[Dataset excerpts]

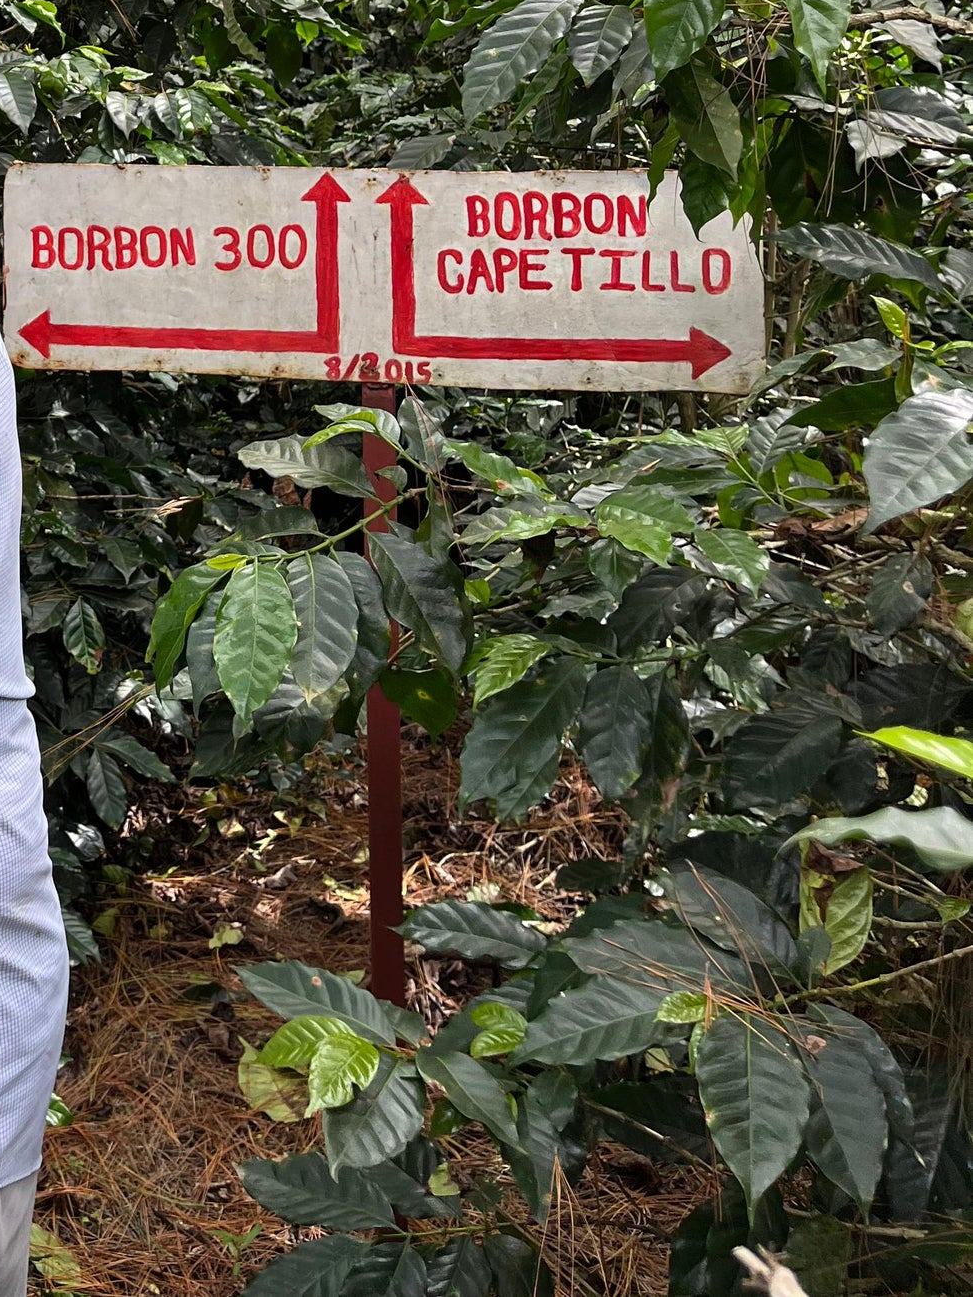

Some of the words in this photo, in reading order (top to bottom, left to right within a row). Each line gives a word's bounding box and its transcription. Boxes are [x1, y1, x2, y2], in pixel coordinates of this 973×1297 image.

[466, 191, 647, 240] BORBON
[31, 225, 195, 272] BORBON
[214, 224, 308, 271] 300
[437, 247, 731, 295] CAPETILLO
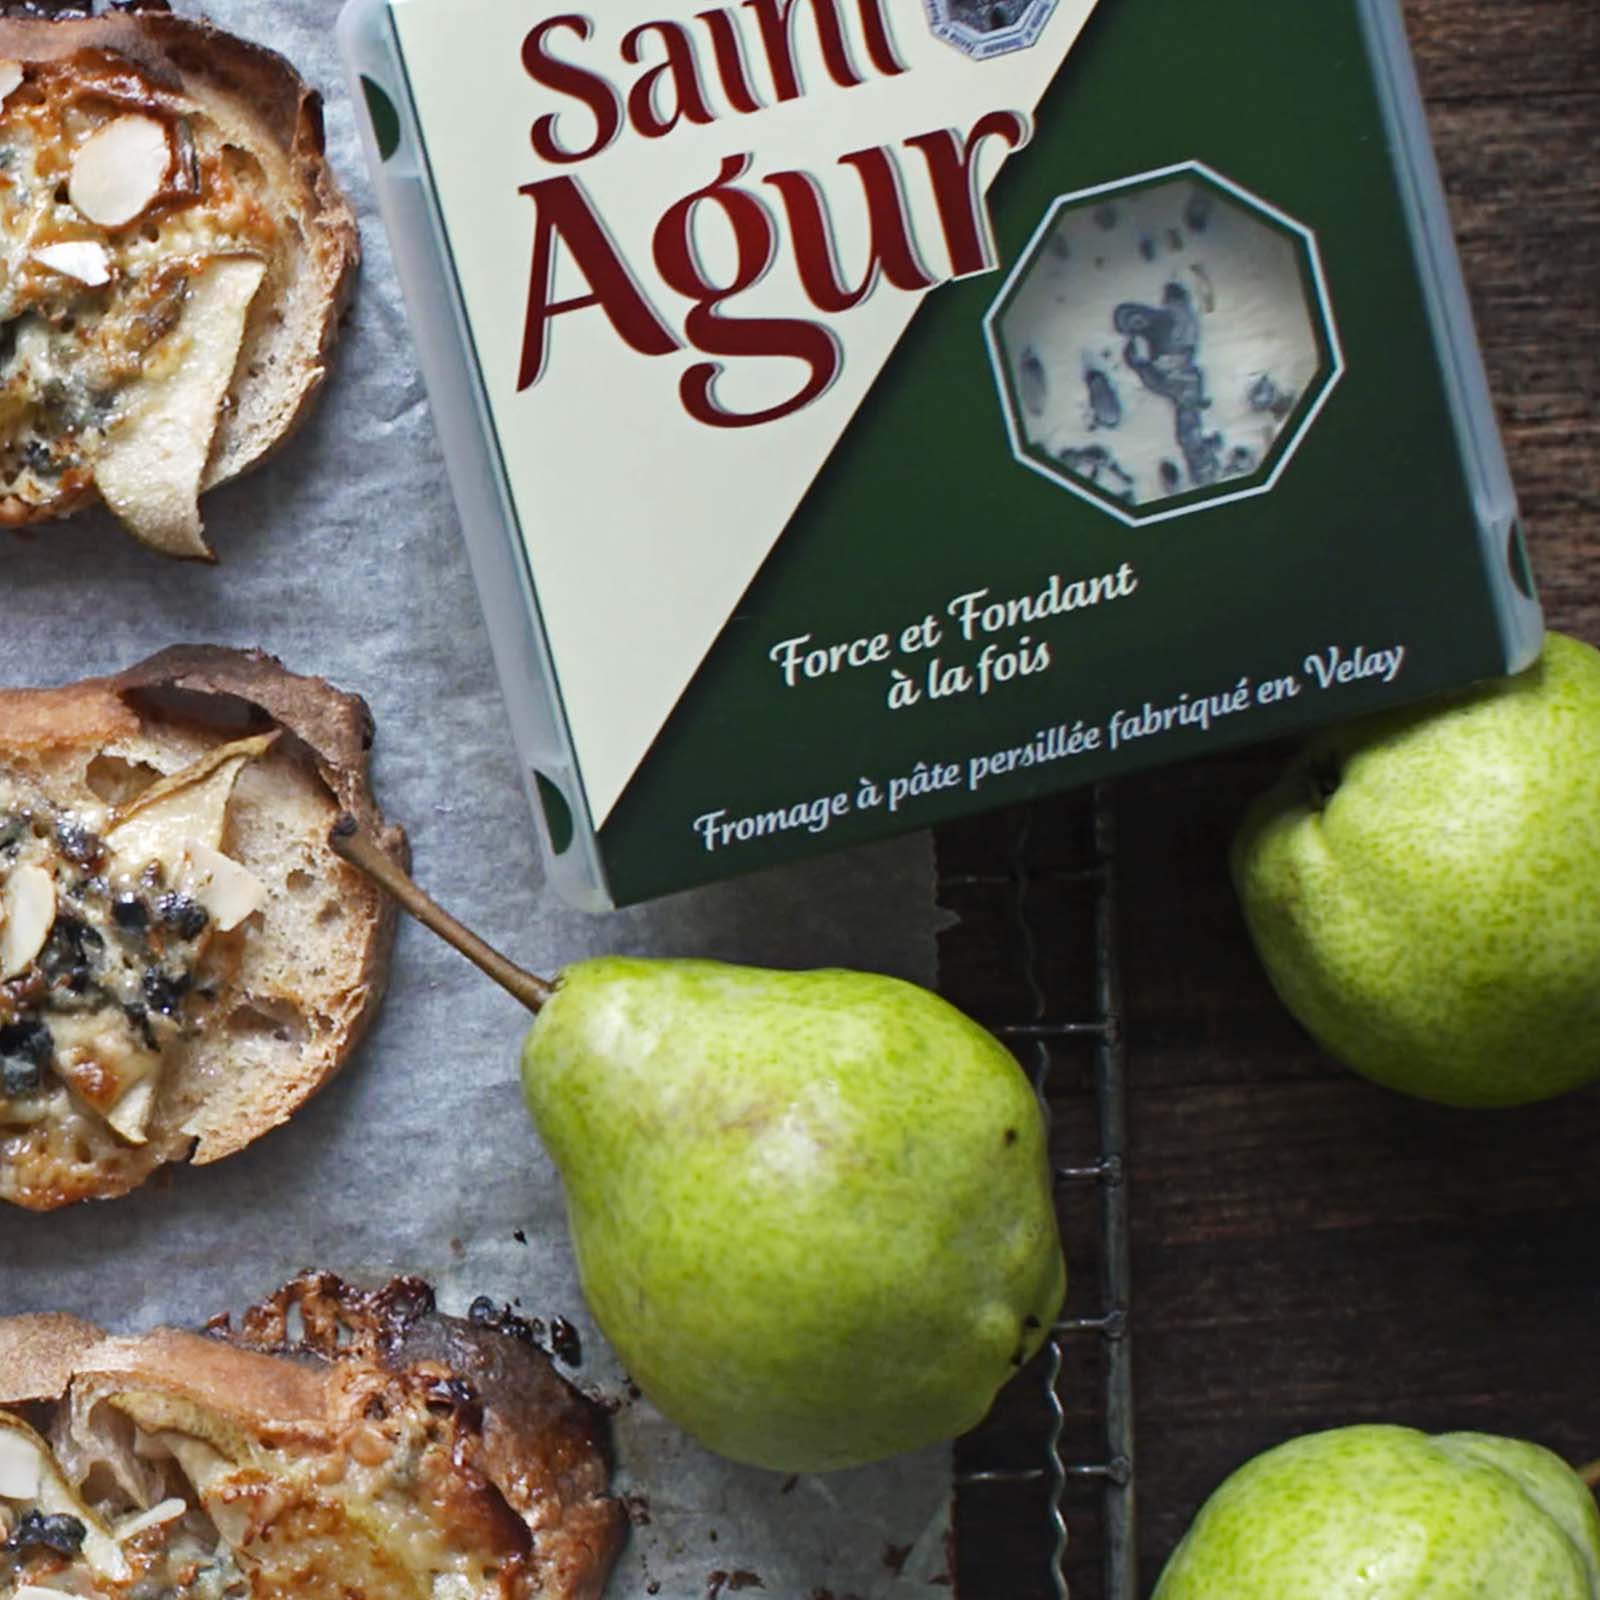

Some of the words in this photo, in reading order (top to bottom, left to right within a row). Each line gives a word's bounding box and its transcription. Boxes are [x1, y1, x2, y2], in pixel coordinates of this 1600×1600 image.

**WORK REQUEST:** Full copy, no pictures: write out each line of the data exactly as it stands.

**PROBLEM SOLUTION:**
Some of the words in this photo, in reading order (top to bottom, left to right within a row). Each line gives a word's bounding box and its transcription. Boxes are [x1, y1, x2, y2], in pixel coordinates of this 973×1297 image.

[466, 191, 647, 240] BORBON
[31, 225, 195, 272] BORBON
[214, 224, 308, 271] 300
[437, 247, 731, 295] CAPETILLO

Some of the words in this photo, in reading order (top to bottom, left to right within a row). Each line gives a word's bounding box and its transcription. Boxes are [x1, y1, x2, y2], in pixel coordinates of this 1600×1600 image.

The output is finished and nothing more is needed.